Grrrrrrrrrrrrrr !!!
Okay . . . so we have a situation that arose this past Saturday night that has to do with a Staph infection.
At about 9:50 Saturday night, just getting ready for bed, my husband (whom I love more than I can possibly describe, as you all know by now) . . . told me that he had a fever of 101.1, obviously over the 100.4 threshhold limit the cancer care clinic warned us about. Most nights, Terry runs a fever . . . usually, between 99. 4 to 99.7 (an occasional 100.0 or so) . . . so we've been checking it every night before bed. So, when he passed that threshhold, we called the clinic . . . who patched us through to the oncologist on call. They told us to drive to the ER, which we did. They did a chest X-ray, drew blood and ran two blood cultures (which of course had to have time to "grow", riight?). They sent us home because shortly after we were there, his temp went back down to 99.0. All his labs (minus the usual abnormalities for someone getting chemo), looked fine . . . chalked it up to "odd", I'm guessing.
So, this morning at 12:30 a.m., someone from the ER left me a VM which I didn't get until early this morning. They said that one of his cultures was positive for a bacteria that sometimes was due to a "contaminant" or something more. This person said that if Terry wasn't feeling "ill", we didn't need to return to the ER, but that we should call the oncology clinic, which I did when they opened, who said we needed to get right to the ER, as the bacteria was due to a staph infection and that it could spread very quickly, as he would have to be admitted to the hospital for IV antibiotics.
So, being the diligent caregiver that I am, I called the dispatcher for the bus service (he drives City bus) and told him to have Terry call me right away. I was at work, so I told my co-workers and my supervisor but Terry wasn't calling me back; so, I called them back and they said they had given him my message; yet, I hadn't heard from him. They told me he wanted to "get to his next time point".

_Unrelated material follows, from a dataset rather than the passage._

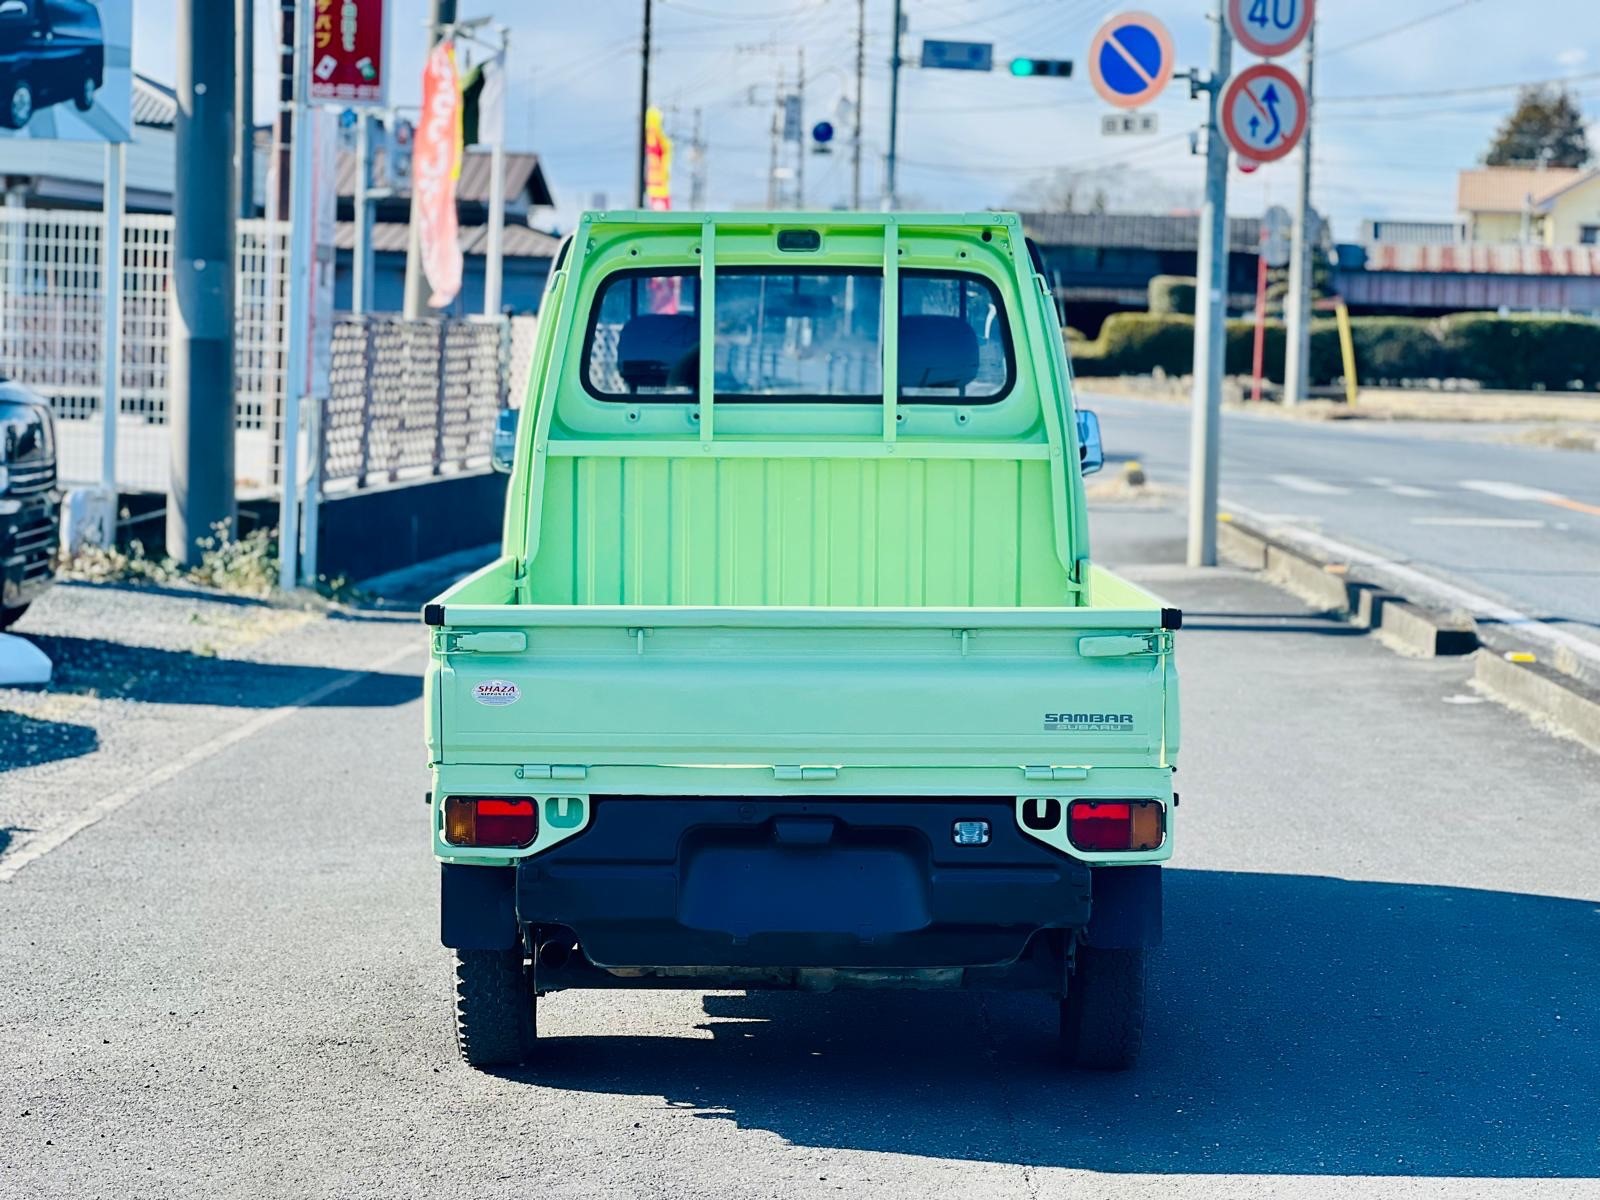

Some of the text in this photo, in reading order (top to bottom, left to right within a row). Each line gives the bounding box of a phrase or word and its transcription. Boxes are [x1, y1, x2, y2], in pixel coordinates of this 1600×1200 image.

[1248, 0, 1296, 30] 40
[478, 685, 515, 693] SHAZA
[1044, 713, 1134, 723] SAMBAR

Thus, the first reason for the "Grrrrrr" title of my post.
He ended up calling me back a few minutes later and I told him that I was leaving work after I hung up with him and heading to the house, as he would have to leave his car in the garage and we would then head to the ER. That was all at 9:15 a.m.

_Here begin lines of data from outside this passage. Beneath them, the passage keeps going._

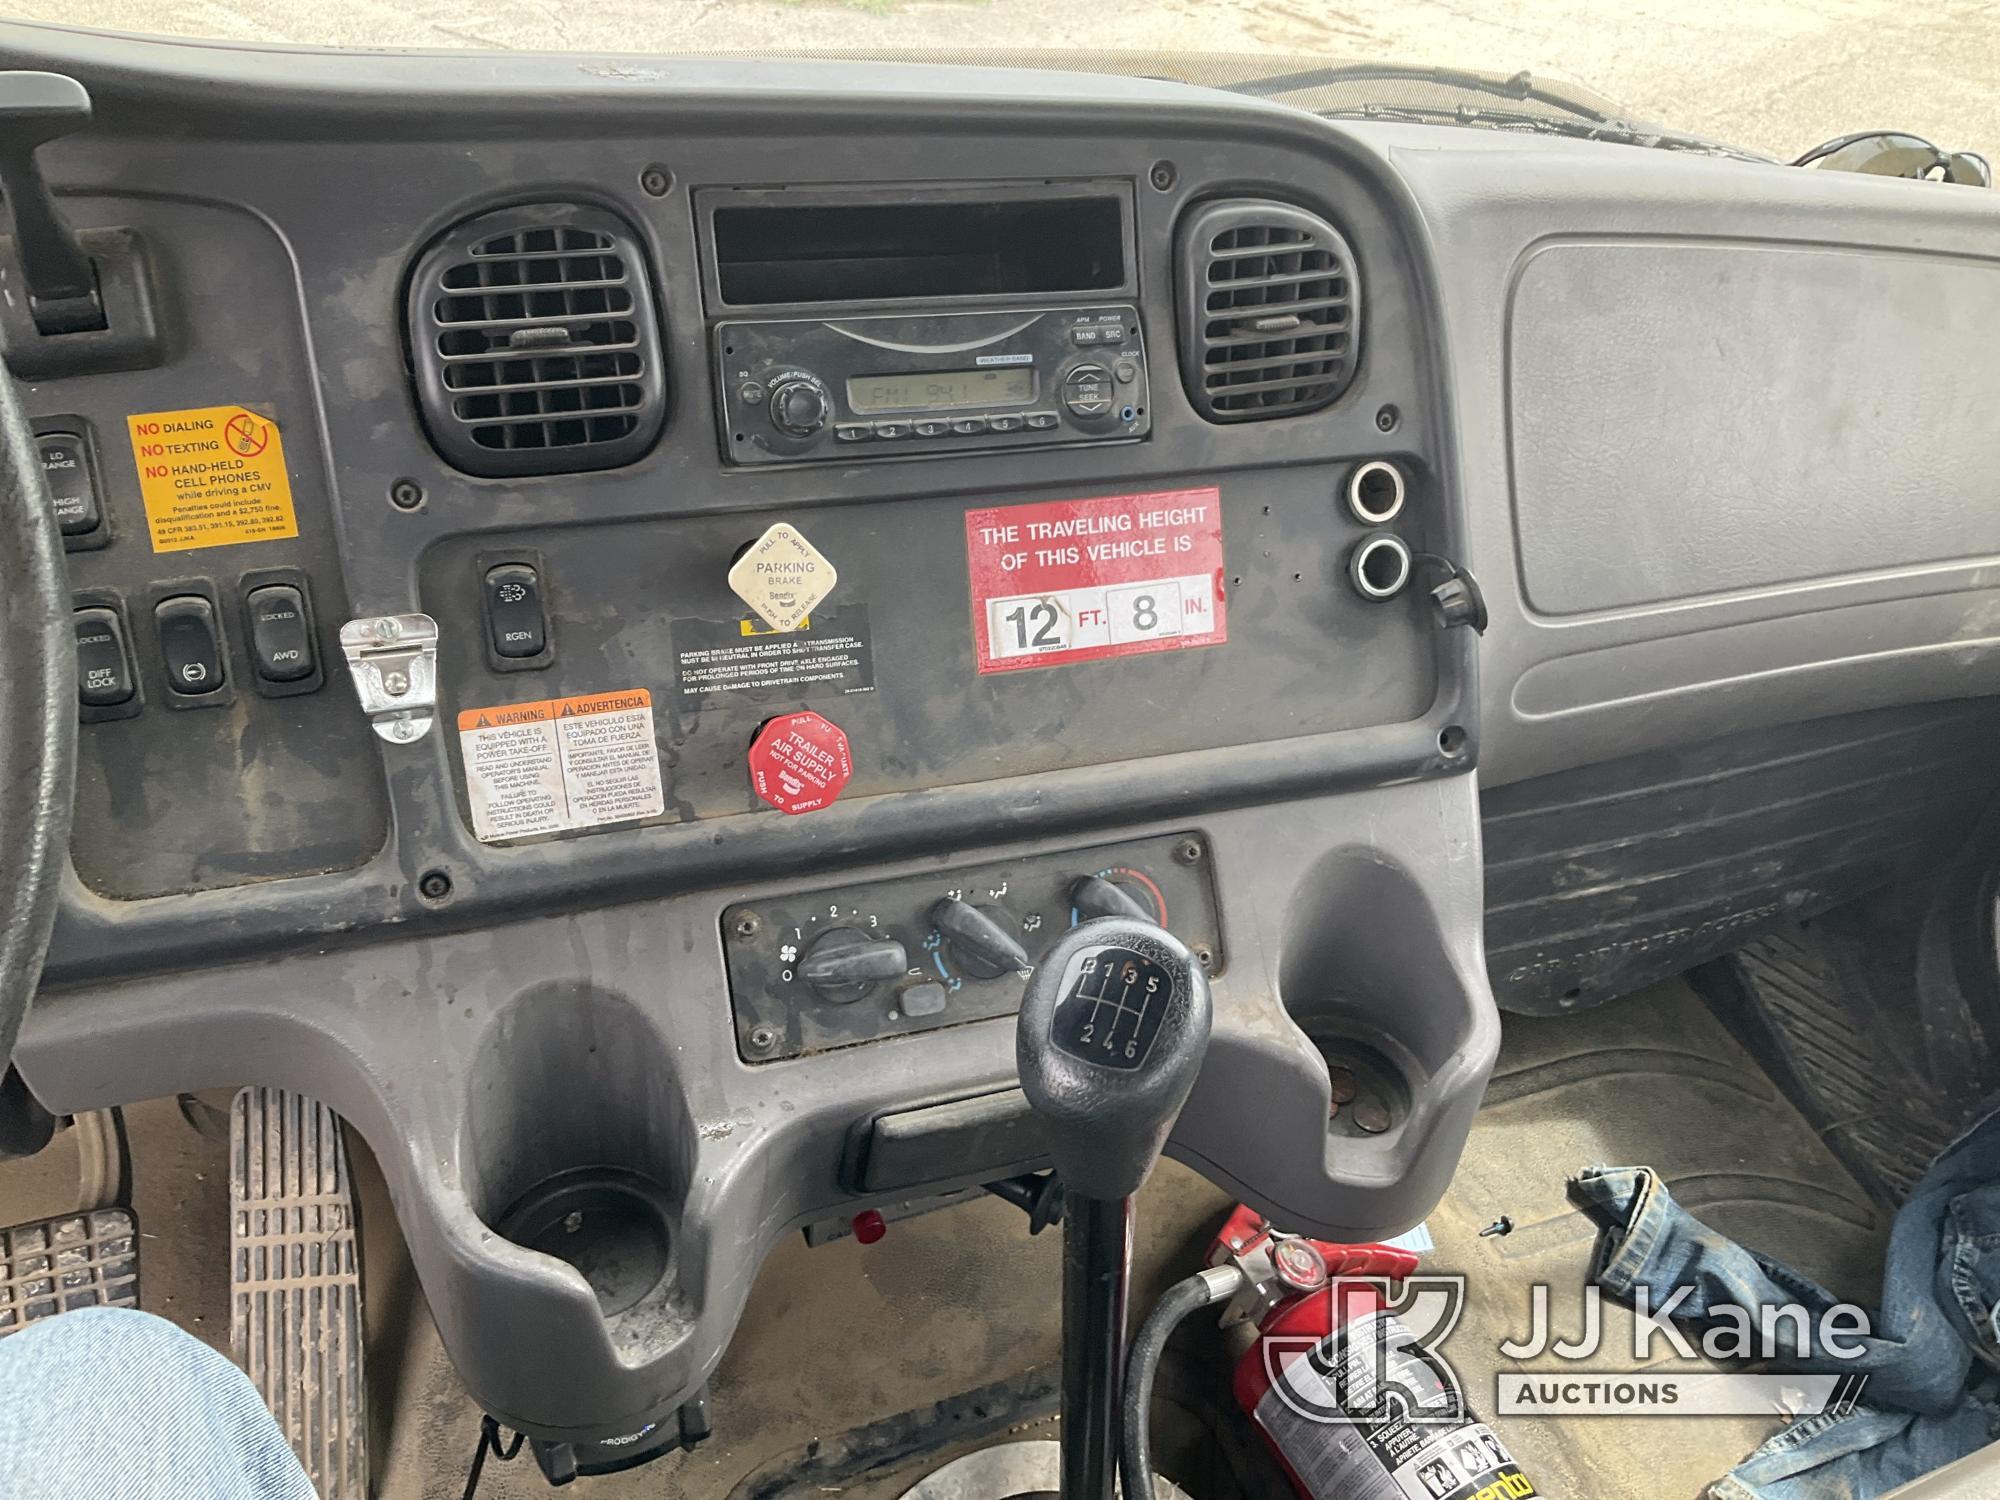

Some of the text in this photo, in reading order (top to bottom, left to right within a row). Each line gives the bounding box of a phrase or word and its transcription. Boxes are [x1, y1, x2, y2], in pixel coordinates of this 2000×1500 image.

[1076, 332, 1096, 340] BAND
[1105, 330, 1121, 339] SRC
[136, 420, 214, 436] NO DIALING
[965, 422, 971, 431] 4
[1002, 420, 1009, 429] 5
[1039, 417, 1045, 426] 6
[850, 429, 856, 439] 1
[889, 427, 896, 436] 2
[927, 425, 934, 434] 3
[140, 440, 219, 457] NO TEXTING
[145, 459, 244, 479] NO HAND-HELD
[174, 471, 261, 489] CELL PHONES
[176, 490, 203, 501] while
[205, 485, 239, 498] driving
[249, 483, 272, 492] CMV
[172, 498, 261, 513] Penalties could include
[155, 511, 214, 525] disqualification
[216, 509, 230, 517] and
[979, 506, 1208, 546] THE TRAVELING HEIGHT
[759, 531, 811, 558] PULL TO APPLY
[1000, 535, 1193, 571] OF THIS VEHICLE IS
[756, 562, 815, 574] PARKING
[768, 576, 803, 586] BRAKE
[260, 611, 295, 622] LOCKED
[780, 619, 791, 627] TO
[791, 593, 817, 621] RELEASE
[1005, 595, 1207, 649] 12 FT. 8 IN.
[505, 631, 532, 642] RGEN
[806, 636, 854, 646] TRANSMISSION
[273, 650, 298, 662] AWD
[680, 650, 710, 659] PARKING
[734, 646, 753, 654] MUST
[764, 642, 792, 650] APPLIED
[758, 649, 782, 657] ORDER
[708, 665, 739, 674] OPERATE
[739, 663, 756, 671] WITH
[757, 661, 779, 669] FRONT
[817, 654, 849, 663] ENGAGED
[88, 668, 111, 680] DIFF
[682, 675, 697, 683] FOR
[698, 671, 739, 681] PROLONGED
[740, 668, 769, 677] PERIODS
[806, 662, 825, 670] HARD
[87, 677, 117, 689] LOCK
[683, 687, 698, 695] MAY
[699, 684, 722, 693] CAUSE
[722, 682, 751, 690] DAMAGE
[761, 677, 799, 686] DRIVETRAIN
[576, 696, 644, 714] ADVERTENCIA
[495, 709, 545, 724] WARNING
[563, 713, 646, 731] ESTE VEHICULO ESTA
[478, 733, 497, 742] THIS
[497, 728, 532, 740] VEHICLE
[566, 722, 645, 739] EQUIPADO CON UNA
[475, 739, 517, 752] EQUIPPED
[518, 737, 539, 746] WITH
[572, 737, 596, 746] TOMA
[610, 732, 642, 743] FUERZA
[476, 744, 547, 760] POWER TAKE-OFF
[788, 731, 835, 767] TRAILER
[770, 738, 837, 782] AIR SUPPLY
[768, 749, 826, 789] NOT FOR PARKING
[757, 770, 823, 811] PUSH TO SUPPLY
[830, 906, 838, 918] 2
[869, 915, 878, 927] 3
[795, 927, 801, 940] 1
[1080, 959, 1097, 974] R
[1104, 962, 1114, 978] 1
[1125, 969, 1138, 984] 3
[1145, 975, 1159, 993] 5
[1080, 1023, 1094, 1043] 2
[1125, 1040, 1138, 1059] 6

Guess where I am, as I'm writing this . . . . I am sitting here, staring at my computer screen, pounding these words into my keyboard and still no Terry. It was 10:00 and still no Terry. We live half an hour away. I called the bus company back to find out where, in all this, was my husband. They told me that he never asked for a relief driver, so I told them that he was supposed to have done that as he had to report to the ER. So, I tried calling him twice and sent him a text message. On my third try . . . he said, "Oh, I didn't think I had to come home right away" and then proceeded to argue with me that he only had 15 more minutes on his morning piece, so he was going to finish it up and then head home.
Thus, the 2nd reason for my Grrrrrrrrrrrrrrr title to this message.

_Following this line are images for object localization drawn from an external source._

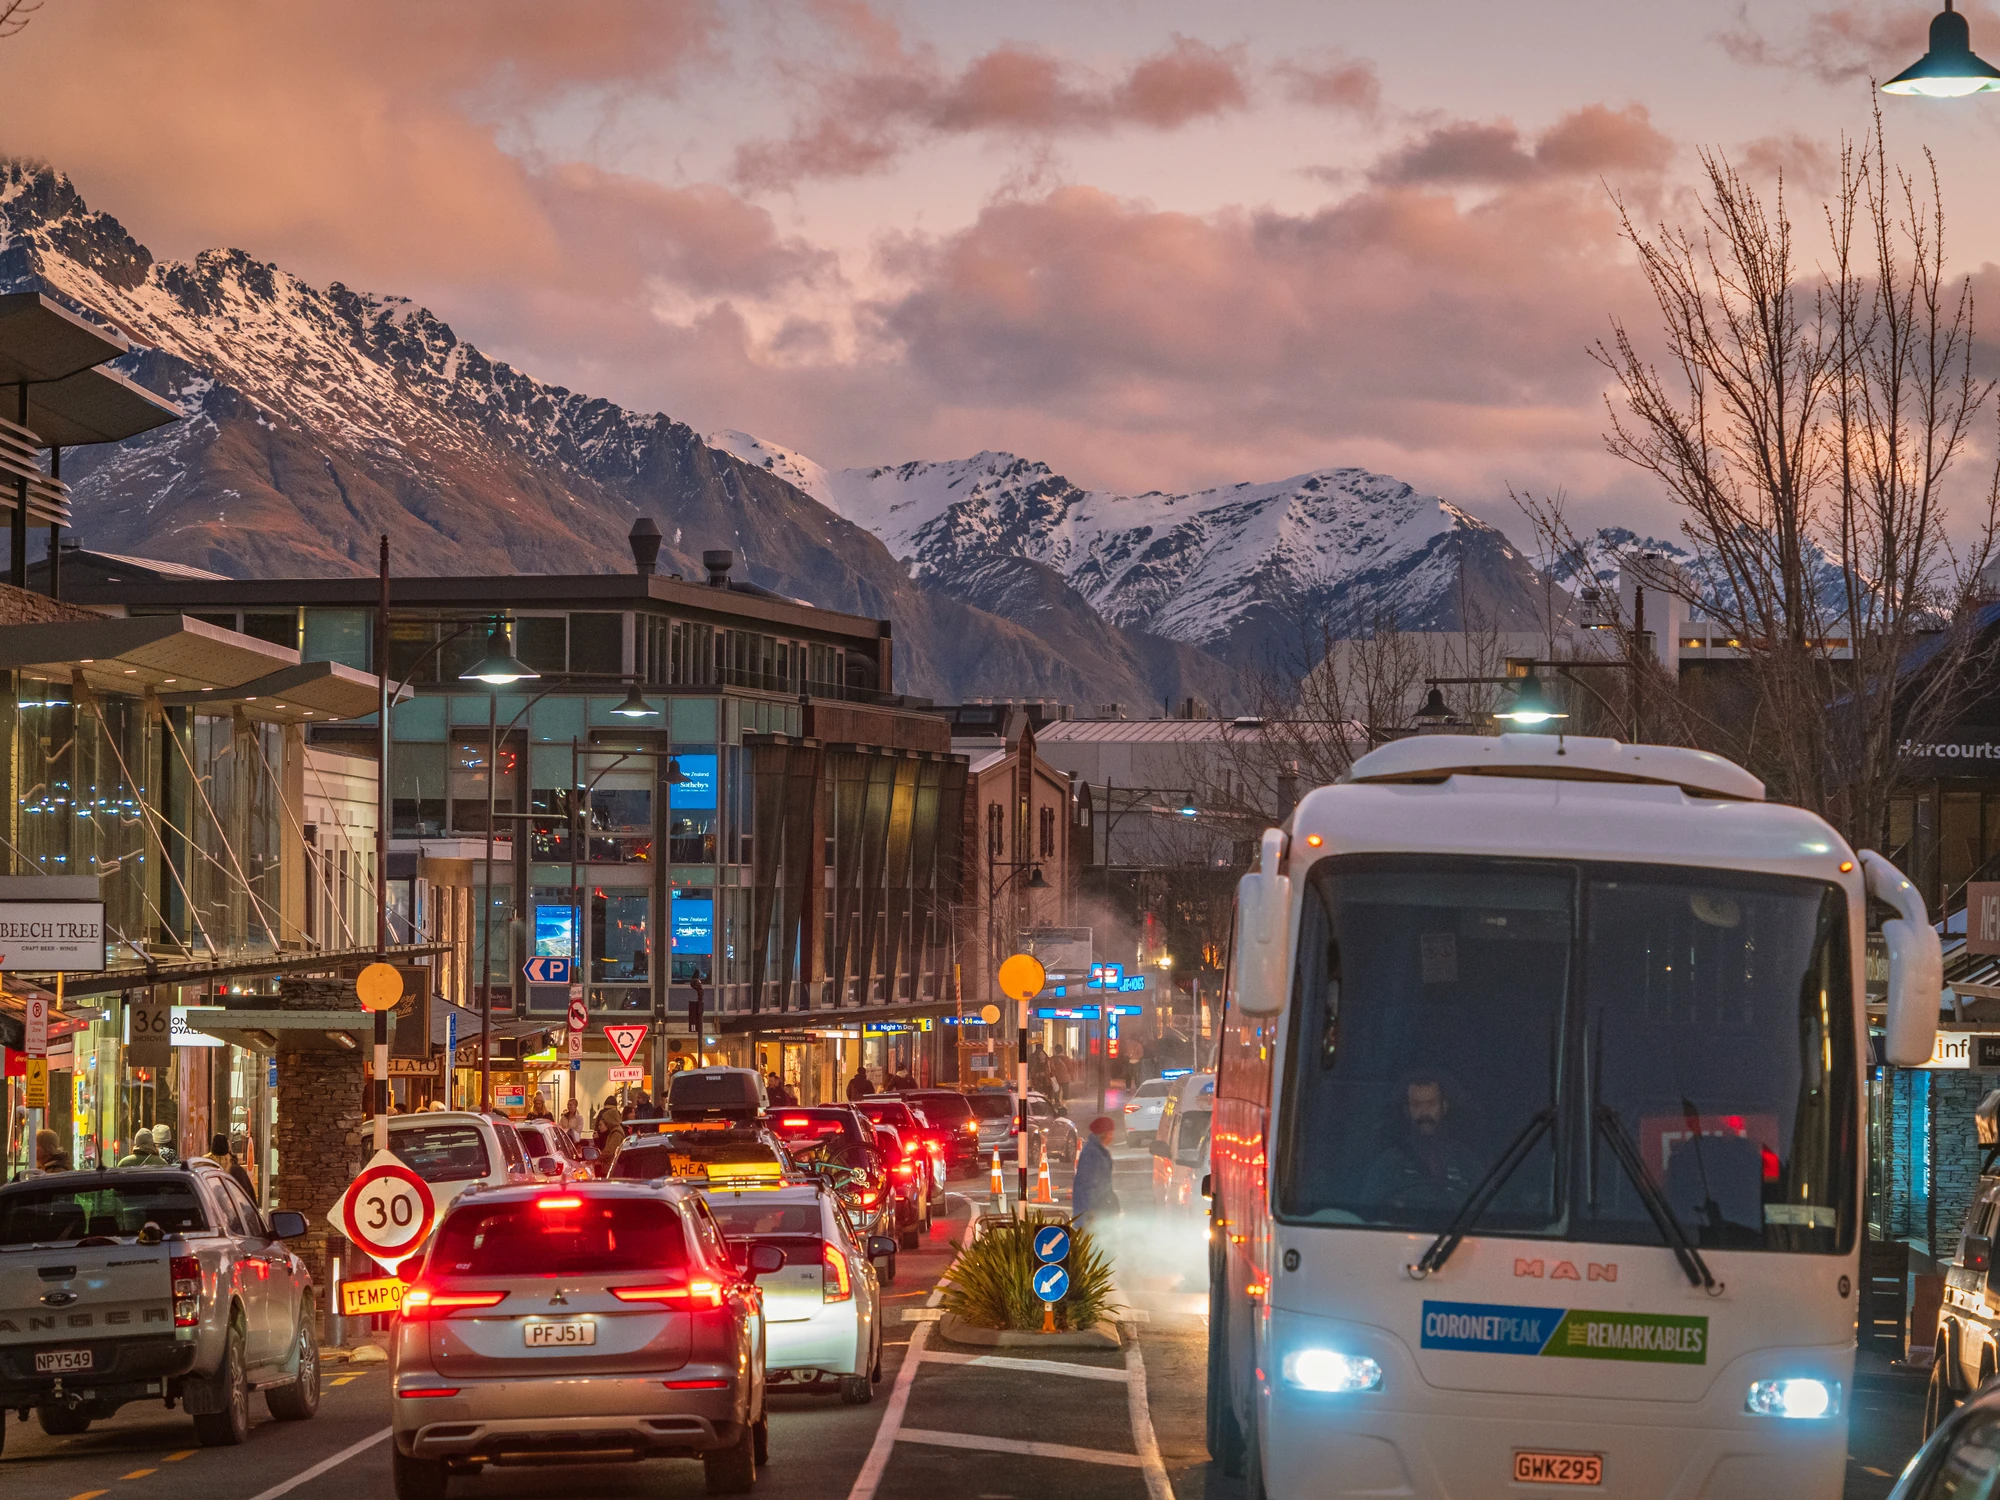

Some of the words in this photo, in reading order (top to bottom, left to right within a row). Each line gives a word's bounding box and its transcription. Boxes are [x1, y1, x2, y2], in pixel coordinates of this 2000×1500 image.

[0, 922, 53, 938] BEECH
[57, 923, 99, 938] TREE
[549, 961, 564, 979] P
[135, 1010, 166, 1032] 36
[1938, 1039, 1970, 1058] inf
[367, 1194, 412, 1229] 30
[1514, 1259, 1618, 1282] MAN
[533, 1326, 585, 1342] PFJ51
[1587, 1323, 1703, 1352] REMARKABLES
[37, 1352, 91, 1370] NPY549
[1518, 1457, 1598, 1480] GWK295

I left work at 9:15, loaded up our emergency bag and packed up the car when I got here . . . 10:40 and still no Terry.
As I said, I love my husband more than anyone in this world and would do anything for him. I have done "anything" for him, 10 times over; but this sort of "guy" stuff is flipping ridiculous. Are most of you, dealing with cancer, like this????? Honestly, what would it take for anyone like my Terry, of the male gender, to realize the sort of stress your "manliness" causes those of my gender, particularly one has to resort to computer connections to gain understanding and respect for all the crap I've done and am expected to do. He hears what he wants to hear and, in doing all that, his "tuning me out" causes me so much undue stress.
As I just wrote that last sentence, the on-call oncologist called me and reiterated that it would be best for us to get to the ER. I would imagine they're expecting us to have been there by now. I realize this isn't going to kill him in an hour . . . but, for God's sake . . . having me rush around and go through all of this, this morning and he sitting in that driver's seat of that stupid bus "finishing up his morning piece" is somewhat amusing; yet troubling that he could be so dismissive of what he was told and twisted it into the scenario he probably cooked up in that head of his because it was easier for HIM and exactly what he intended to do without any consideration for what I had to do to get to the house and prepare for what they're thinking will be an overnight hospital stay to knock this "fing" out of him before it has a chance to go "full-blown".
Okay . . . . I'm done . . . . (I THINK) . . . .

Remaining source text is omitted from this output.